Le Frat donne à entendre d’autres artistes, tous chrétiens, pas forcément catholiques et dont le travail, tel celui de Zita, jeune chanteuse, sur le podium avec Be Witness, ne se fait pas entendre dans les églises. « J’espère rejoindre les cœurs là où ils sont », confie-t-elle. Les plus connus sont les Guetteurs, dont la matrice musicale est le reggae jamaïcain des années 1970, dans lequel le jeune et plein de talents Fratoun, son fondateur, reconnaît une musique qui progresse comme au rythme de la marche d’un pèlerin, avec des ruptures à contretemps qui sont « comme des coups de sagaie d’un explorateur dans une forêt vierge », ou les cris d’une « prière de combat pour choisir Dieu en le suivant » coûte que coûte.
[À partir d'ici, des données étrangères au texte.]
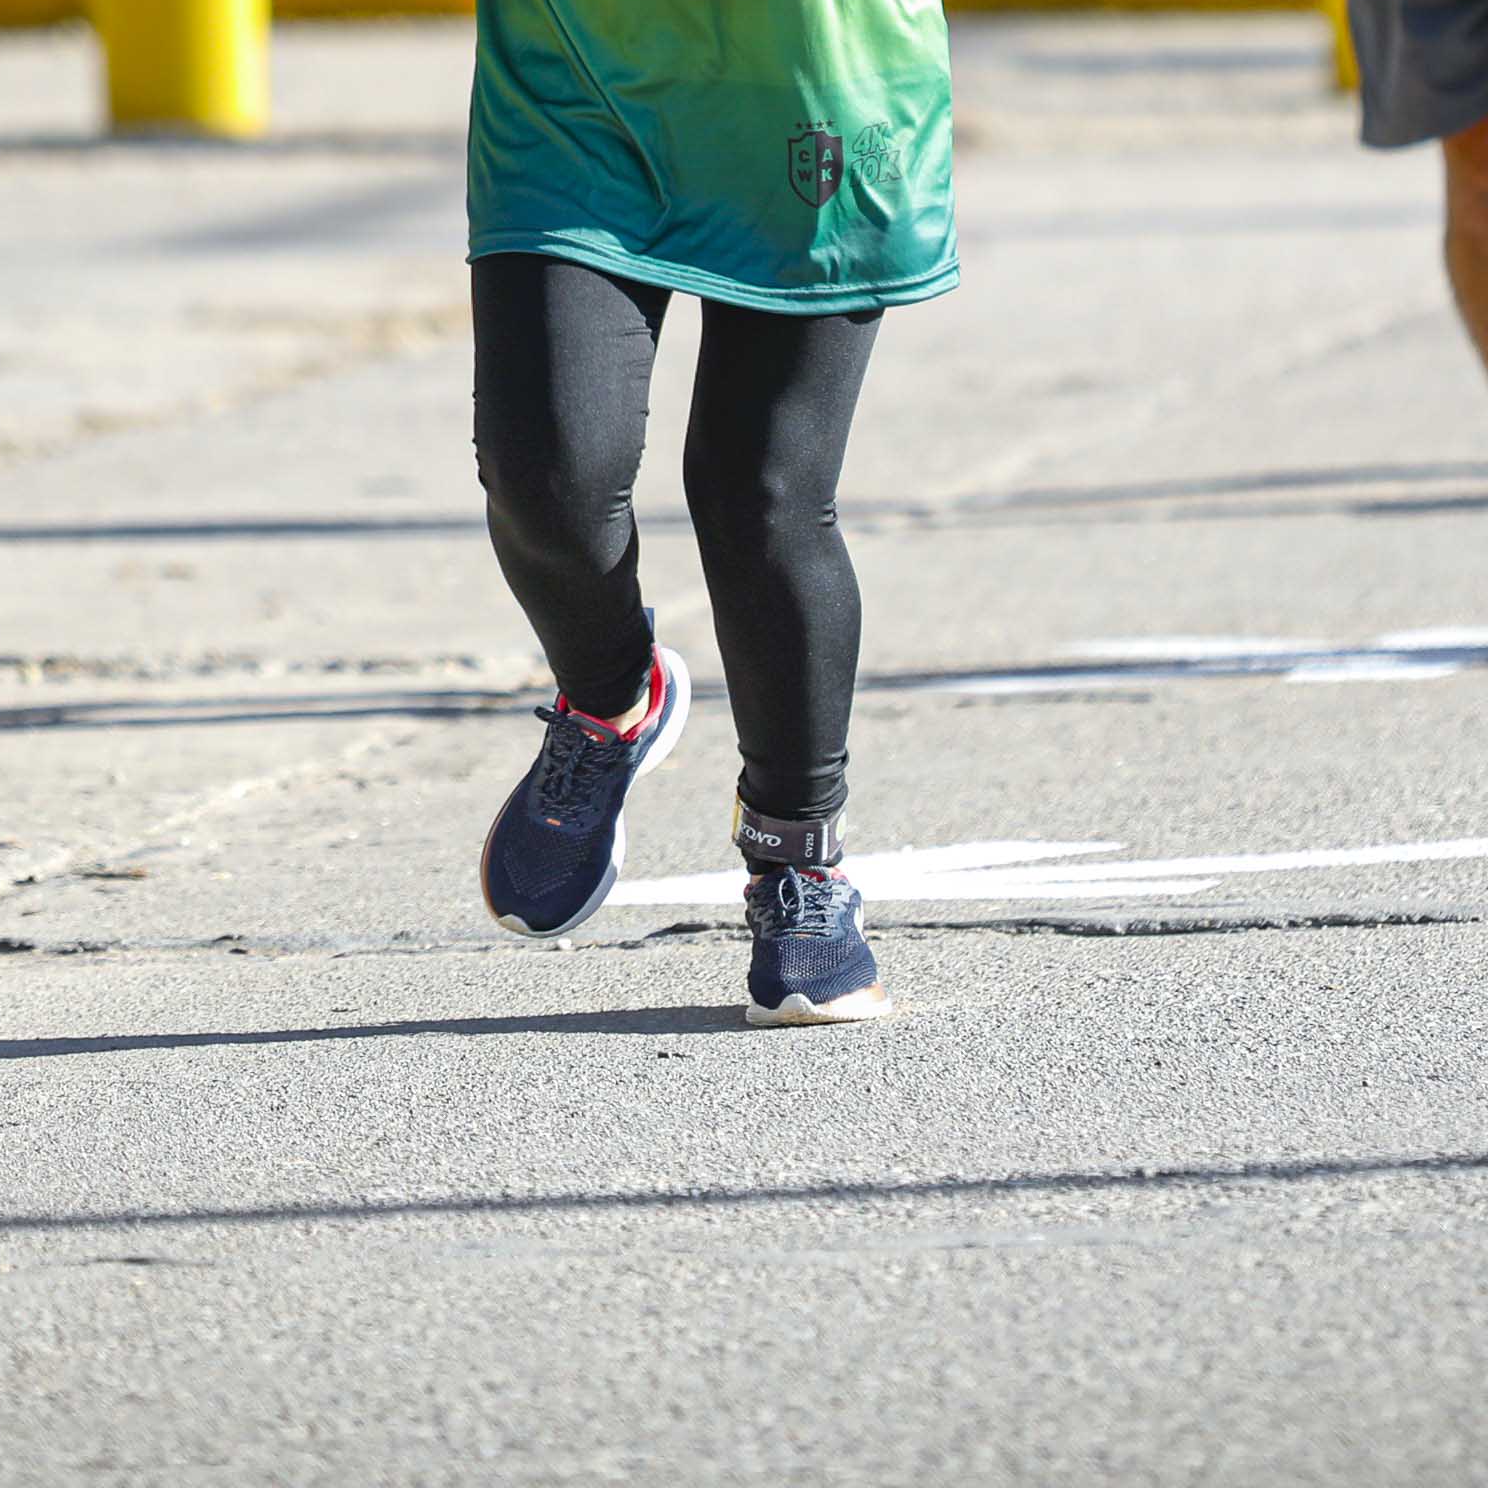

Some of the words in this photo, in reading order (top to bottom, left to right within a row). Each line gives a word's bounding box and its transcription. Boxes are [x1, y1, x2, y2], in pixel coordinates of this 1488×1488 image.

Vinz le Mariachi (1), batteur des Guetteurs, lui aussi compositeur au savoir encyclopédique sur la musique chrétienne, irait volontiers piocher dans le Livre d’Isaïe la parole qui explique tout ce travail : « Le Seigneur mon Dieu m’a donné le langage des disciples, pour que je puisse, d’une parole, soutenir celui qui est épuisé » (Is 50).
Toutes ces expressions musicales montrent une créativité éruptive qui est une marque propre de l’Église de France. Cela ne signifie pas que le répertoire classique soit oublié pour autant. Au matin du dernier jour, sous un soleil lourdais retrouvé, Anaël Pin, autre talent de la scène chrétienne, a su faire interpréter un céleste Ave Maria de Caccini à quatre voix, par une chorale de « Frateux » formée pour l’occasion.
(1) Auteur du Nom du Père. Récit métissé. Première partie, 2024.